Calle 14  Av Caracas
Al principio fue el comercio de entrada a la ciudad,  y de aquel comercio nació el mercado de San Victorino,  luego vino la república, y posteriormente la electricidad fundada en 1910 por los Hermanos Samper, desde entonces la Iglesia comparte su espacio con el mercado de eléctricos.  Sobre la calle 14 entre 13 y Caracas, se mueve  una buena parte del mercado de ferreterías y eléctricos,  repuestos para lámparas, para electrodomésticos,  el empaque de la lavadora o el transistor que el sobrinito aquel rompió en el día de la madre,  no hay bombillo, repuesto, circuito,  tarjeta  que no se encuentre allí, y si no se encuentran la consiguen, la “levantan” si les dan un par de días,  y desde las ocho de la mañana, hora en la cual los locales empiezan a abrir,  el movimiento de la calle se convierte en un flujo de rostros que buscan el repuestico aquel que no se consigue en otra parte. 
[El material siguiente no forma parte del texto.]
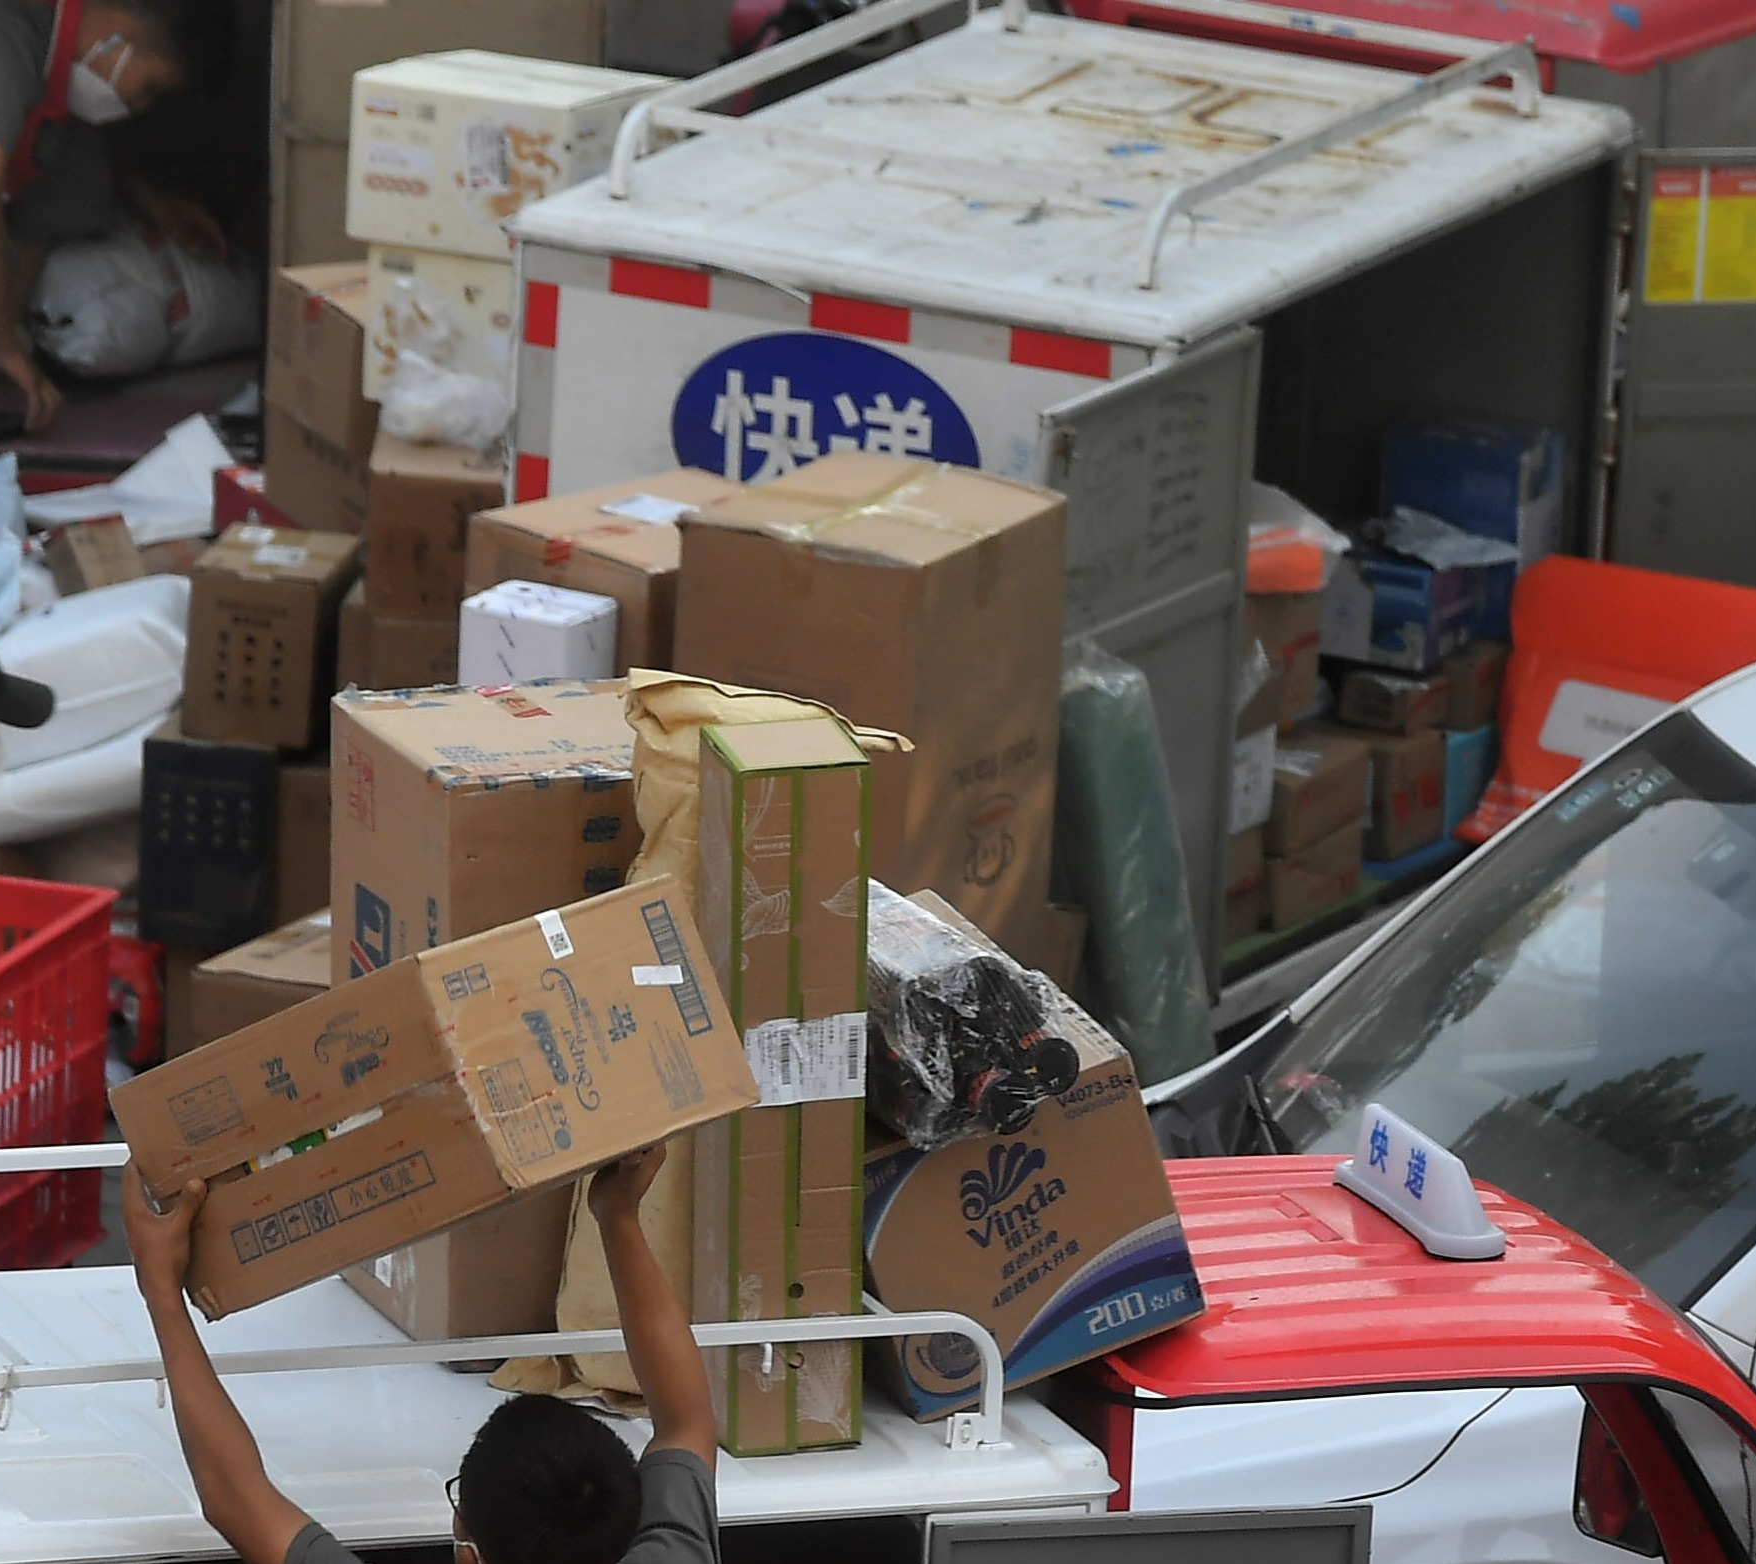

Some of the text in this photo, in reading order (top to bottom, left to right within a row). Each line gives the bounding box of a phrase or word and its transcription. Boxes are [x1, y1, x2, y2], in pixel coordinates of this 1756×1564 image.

[1367, 1119, 1432, 1203] 快递
[966, 1172, 1067, 1250] Vinda
[1087, 1292, 1145, 1336] 200
Pero eso no es todo lo que gira alrededor de la capuchina, la vieja iglesia comparte su espacio con la Academia Superior de Artes de Bogotá,  la conocida ASAB  que desvela el espíritu de su alma matter en cada salón de pisos entablados,  en cada patio, en cada corredor,  no es extraño ver sobre las galerías de los patios,  grandes telares que cuelgan de los árboles que sobreviven al interior, y en cuyos telares  los bailarines cuelgan de sus piernas desplegándose hacia arriba y hacia abajo, haciendo de la gravedad  una teoría en tela de juicio, pero no sólo son los telares,  no es extraño encontrar saxofonistas, violinistas y otro tipo de músicos,  mimetizarse entre su instrumento y el espacio que el viejo edificio de la ASAB  construye entre su realidad y la vida  que el arte promulga entre la suma de todas sus almas.
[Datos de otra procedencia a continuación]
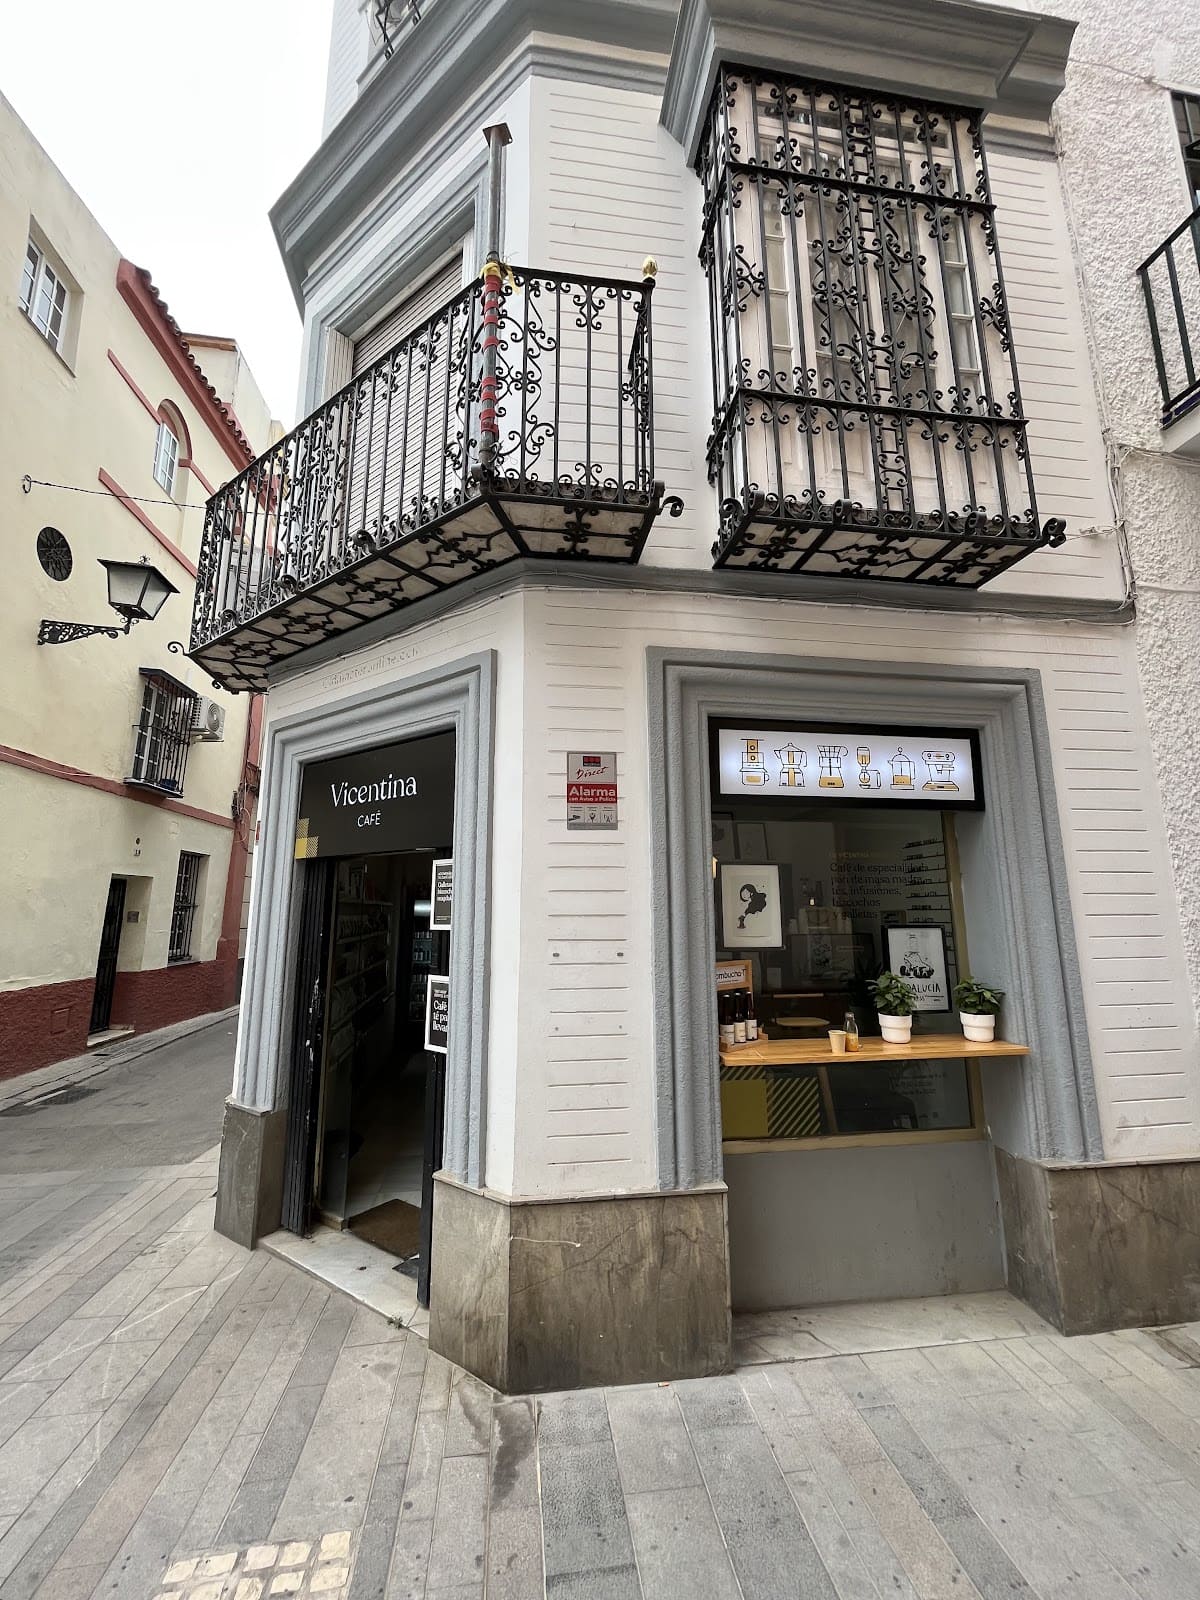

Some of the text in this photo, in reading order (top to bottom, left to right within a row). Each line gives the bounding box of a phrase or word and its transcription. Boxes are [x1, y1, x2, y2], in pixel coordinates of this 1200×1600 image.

[575, 766, 609, 780] Direct
[331, 773, 417, 807] Vicentina
[569, 785, 616, 797] Alarma
[357, 810, 381, 828] CAFÉ
[433, 1000, 448, 1011] Café
[439, 1013, 449, 1023] pa
Academia Superior de Artes de Bogotá 
Y mientras sobre la 14 el comercio de eléctricos funciona, y al interior de la ASAB el arte se hace condición absoluta de toda existencia,  sobre la calle transitan rostros de todos los días que entre la informalidad y la permanencia, han hecho de este punto de la ciudad  su modo de vida. María Rodríguez es una de ellas,  una vendedora ambulante que lleva poco más de seis años en la zona,  conviviendo entre estudiantes y vendedores,   conviviendo con los surtidores ambulantes de tinto, con las vendedoras de lechona que se ubican sobre la esquina de la carrera 13,  observando el movimiento de los jóvenes artistas que entran y salen de la ASAB, observando  el flujo de clientes del eléctrico,  y  sobreviviendo con su chaza sobre la esquina de la calle, una chaza como la que vemos a diario y en cada esquina,  una chaza con la fuerza suficiente para sostener el peso de  una familia entera. 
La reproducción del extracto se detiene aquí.